> [Stored items from a collection]

_ _ _

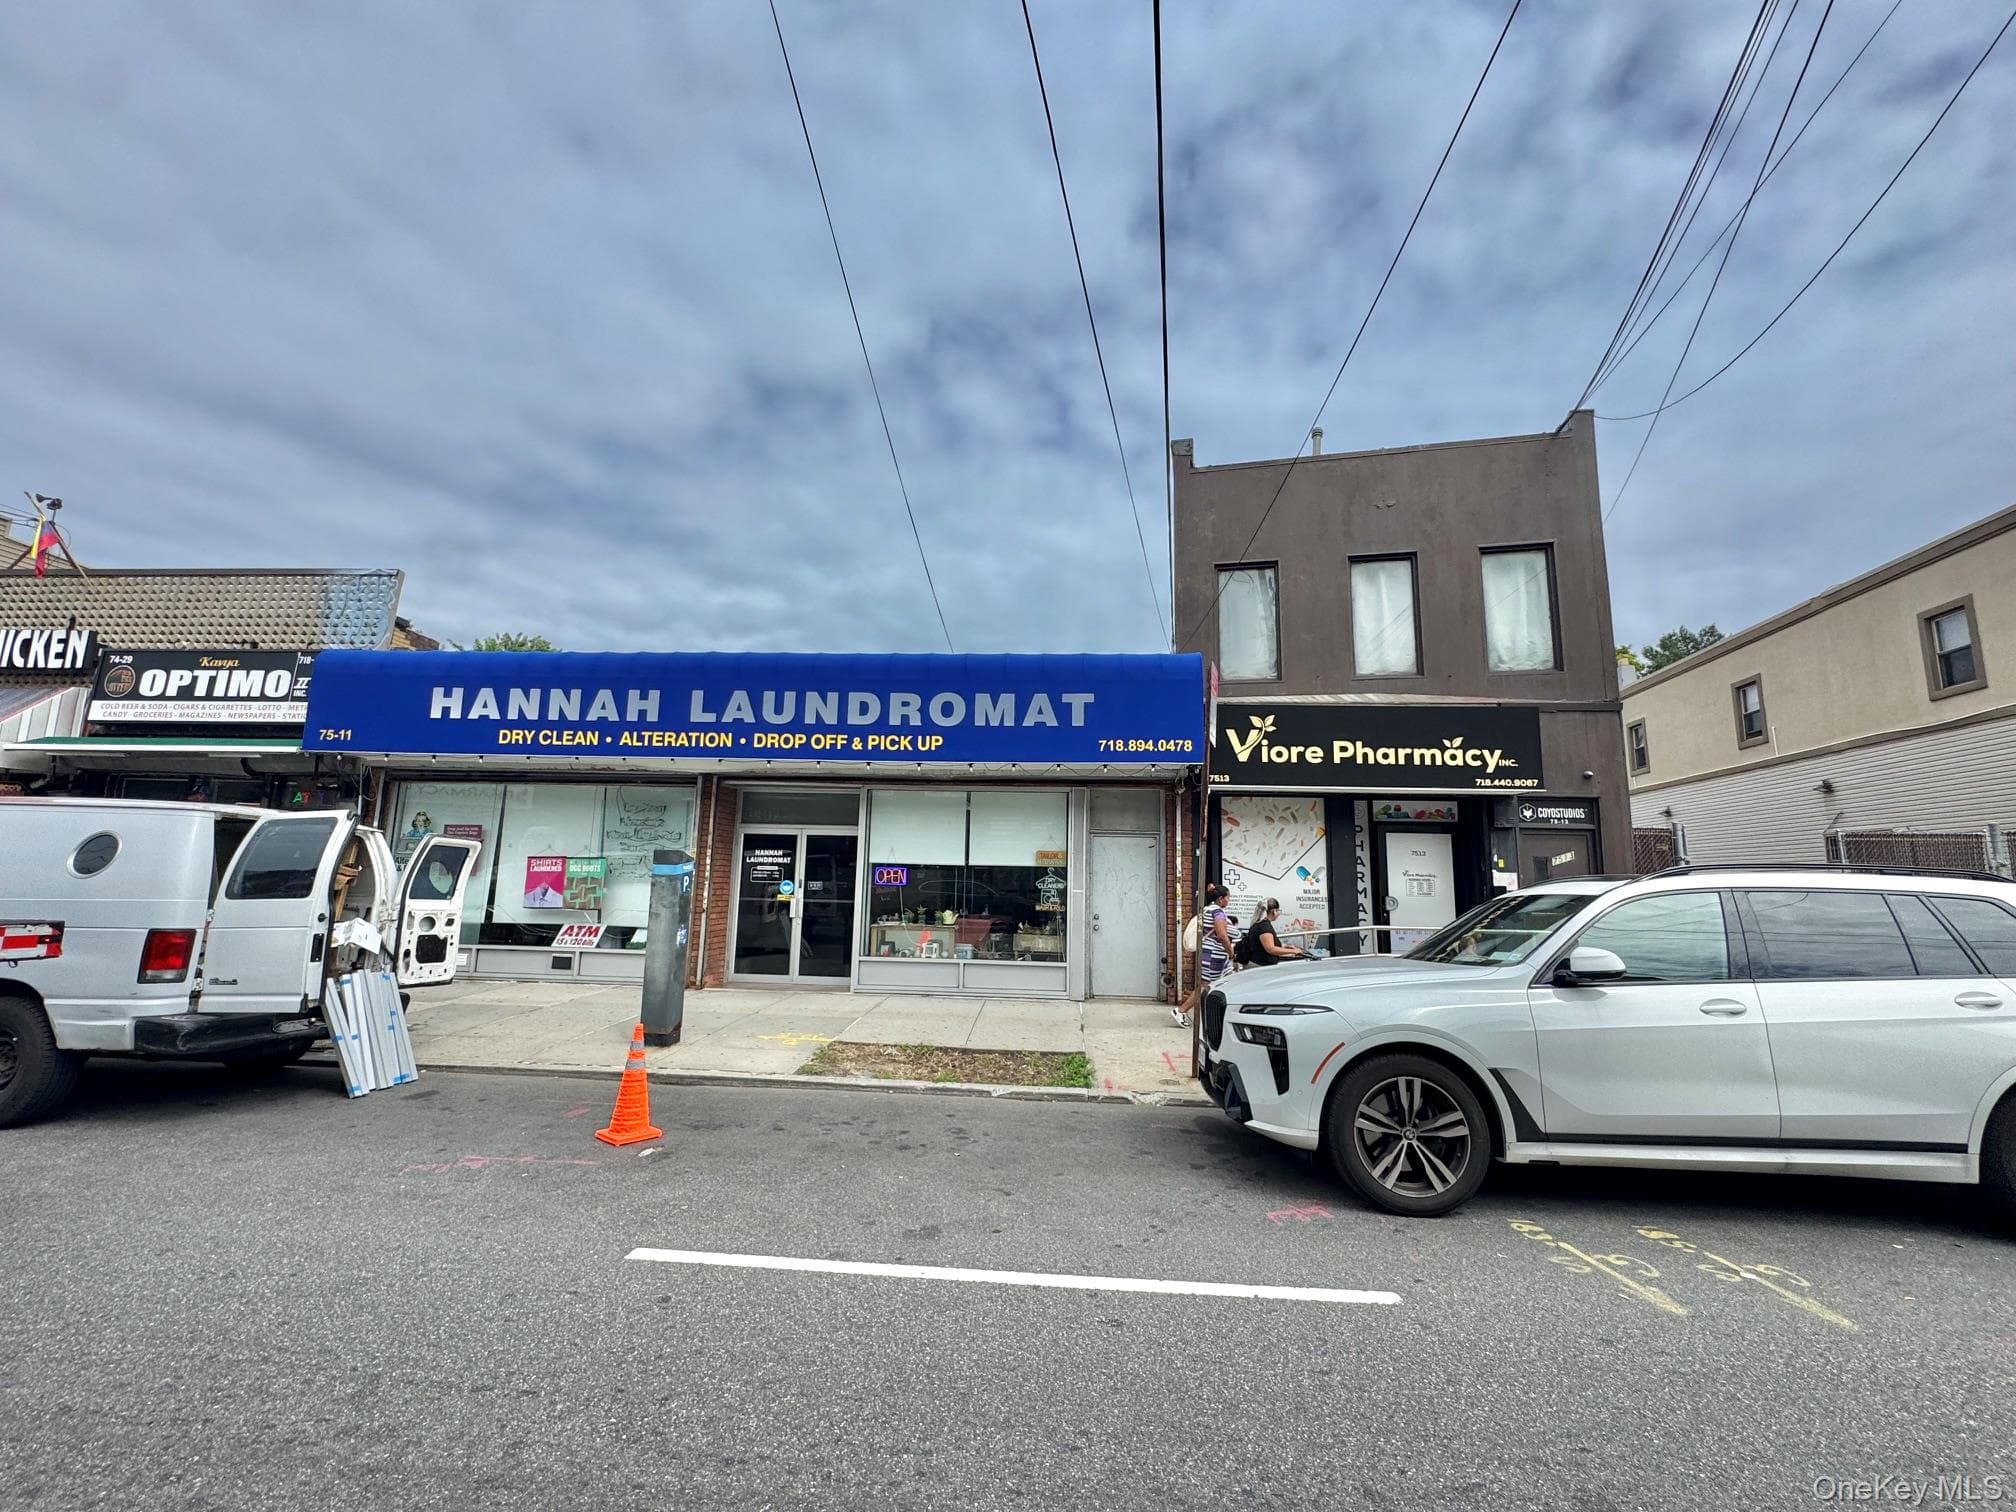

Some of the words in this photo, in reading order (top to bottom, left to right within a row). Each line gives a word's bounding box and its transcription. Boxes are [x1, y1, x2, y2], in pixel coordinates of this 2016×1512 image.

[110, 655, 133, 664] 74-29
[199, 656, 240, 669] Kavya
[139, 669, 292, 698] OPTIMO
[430, 687, 660, 722] HANNAH
[690, 689, 1095, 727] LAUNDROMAT
[319, 729, 351, 741] 75-11
[498, 729, 535, 745] DRY
[540, 730, 598, 746] CLEAN
[619, 731, 732, 748] ALTERATION
[753, 733, 806, 749] DROP
[811, 734, 848, 750] OFF
[852, 737, 863, 750] &
[868, 735, 913, 751] PICK
[917, 735, 943, 751] UP
[1098, 739, 1193, 752] 718.894.0478
[1226, 726, 1324, 763] Viore
[1333, 741, 1502, 773] Pharmacy
[1498, 759, 1519, 767] INC.
[1209, 775, 1230, 783] 7513
[1537, 807, 1585, 818] COYOSTUDIOS
[746, 856, 791, 864] LAUNDROMAT
[877, 868, 906, 884] OPEN
[560, 925, 601, 938] ATM
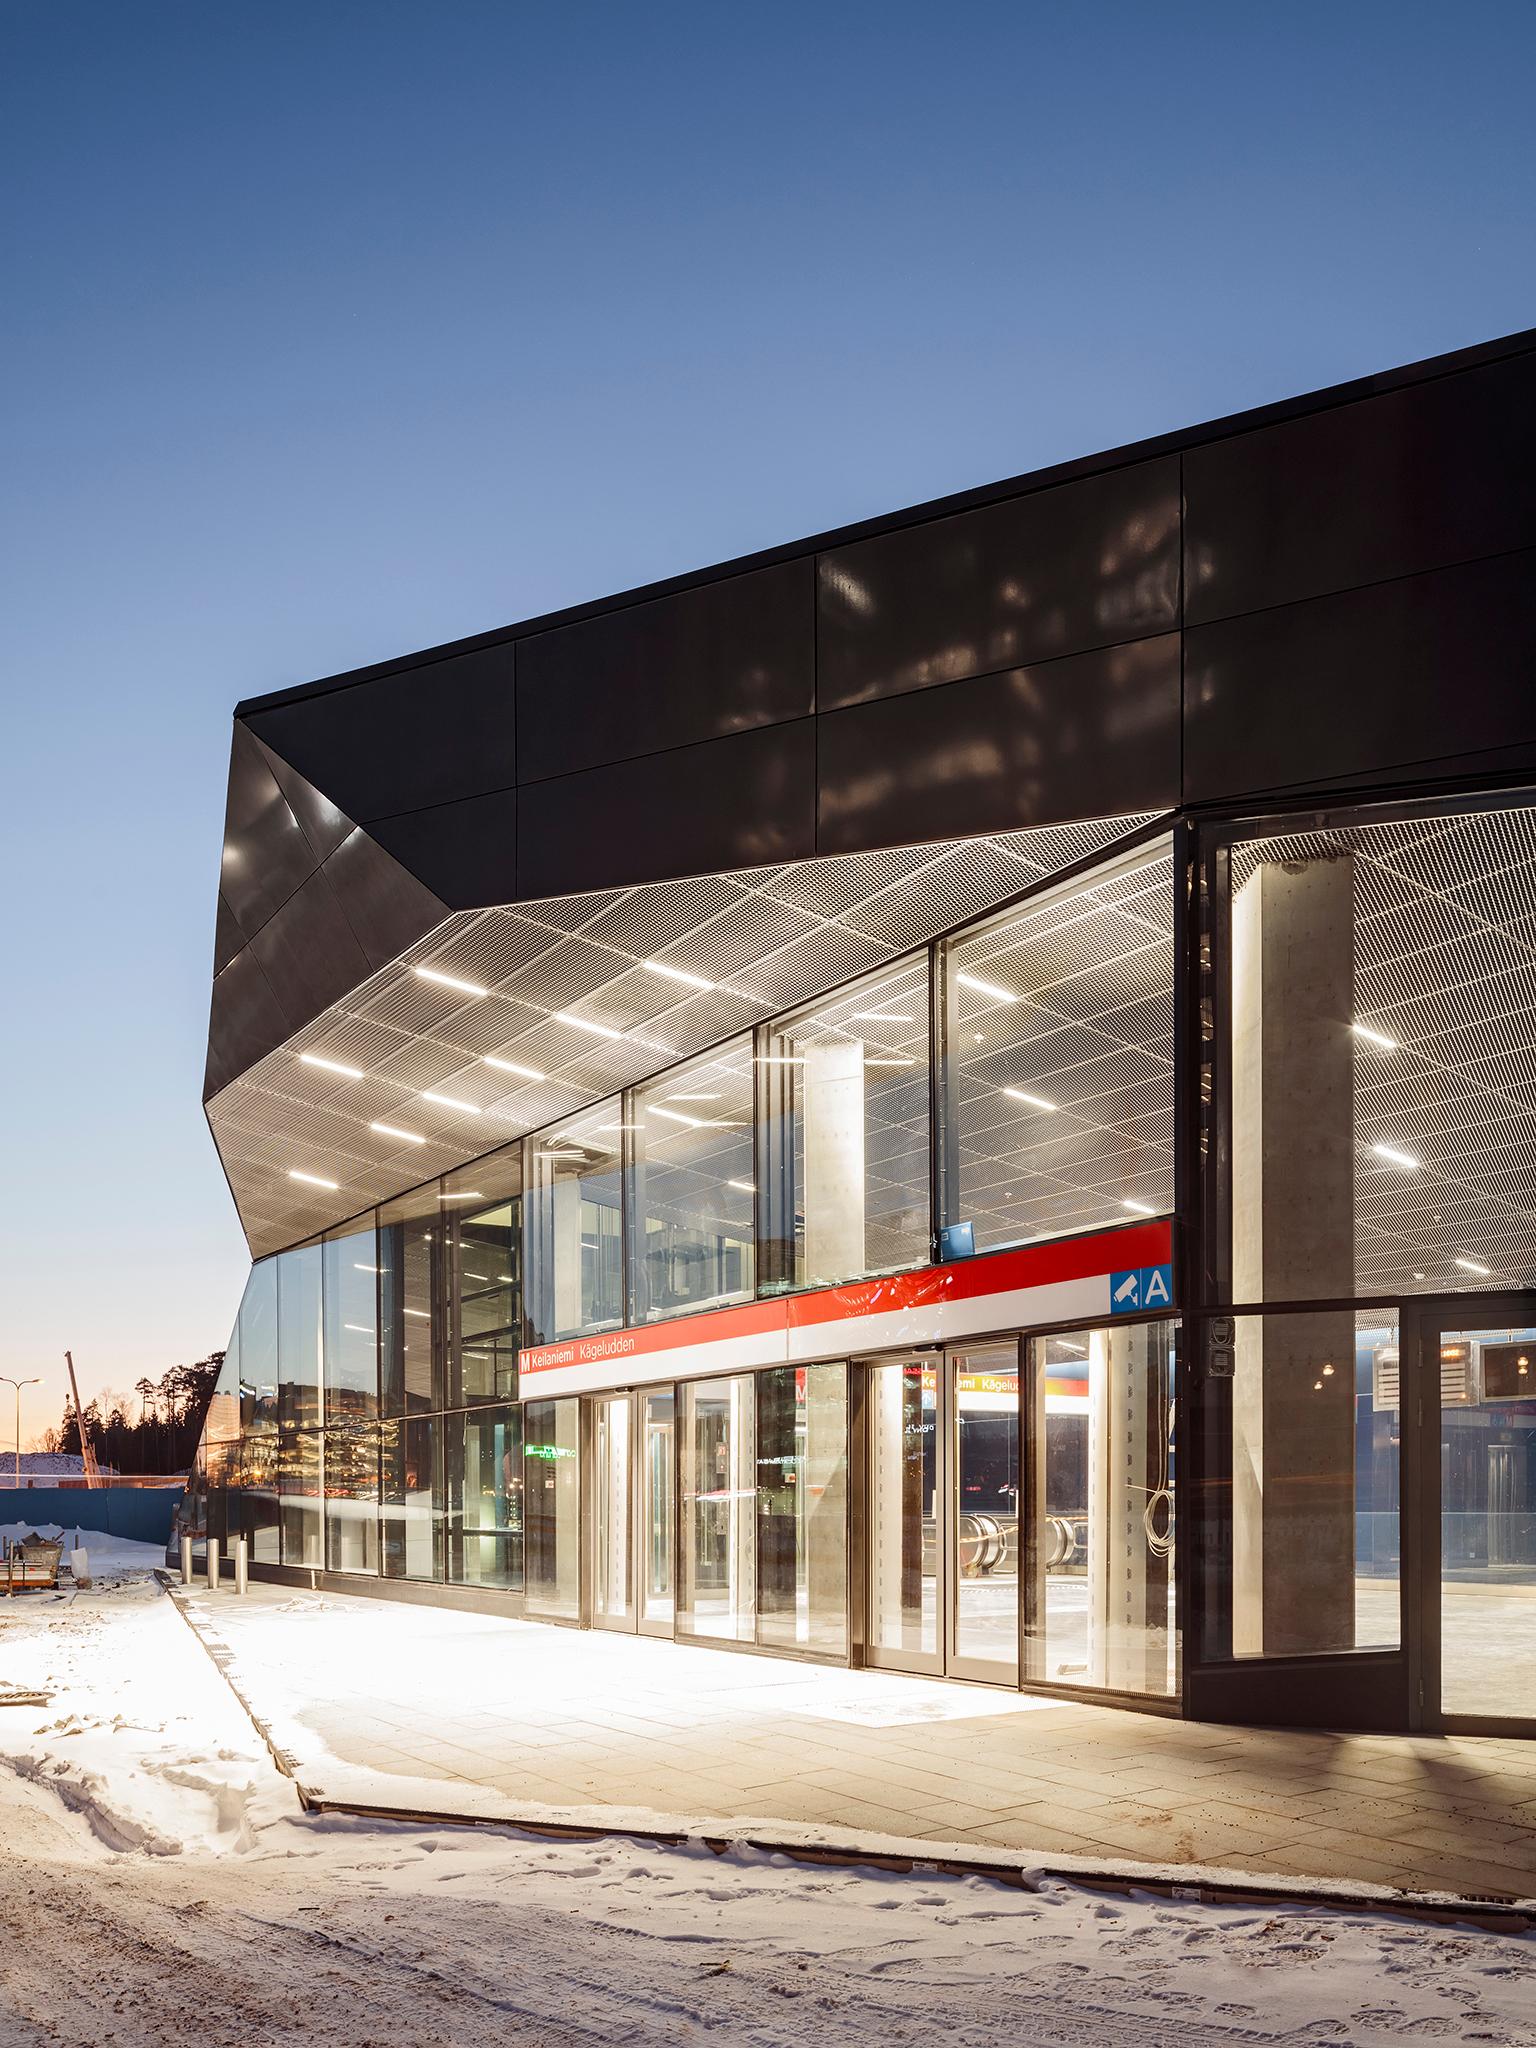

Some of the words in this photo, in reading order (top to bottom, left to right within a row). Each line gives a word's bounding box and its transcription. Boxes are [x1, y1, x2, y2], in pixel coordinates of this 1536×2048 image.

[1145, 1269, 1169, 1304] A
[521, 1352, 530, 1373] M
[532, 1346, 574, 1367] Keilaniemi
[580, 1336, 635, 1360] Kägeludden

_ _ _

Set down exactly what runs from the line containing "this 1536×2048 image." through the last line above, both lines included.

> [SOLUTION TO THIS TASK]
Some of the words in this photo, in reading order (top to bottom, left to right within a row). Each line gives a word's bounding box and its transcription. Boxes are [x1, y1, x2, y2], in pixel coordinates of this 1536×2048 image.

[1145, 1269, 1169, 1304] A
[521, 1352, 530, 1373] M
[532, 1346, 574, 1367] Keilaniemi
[580, 1336, 635, 1360] Kägeludden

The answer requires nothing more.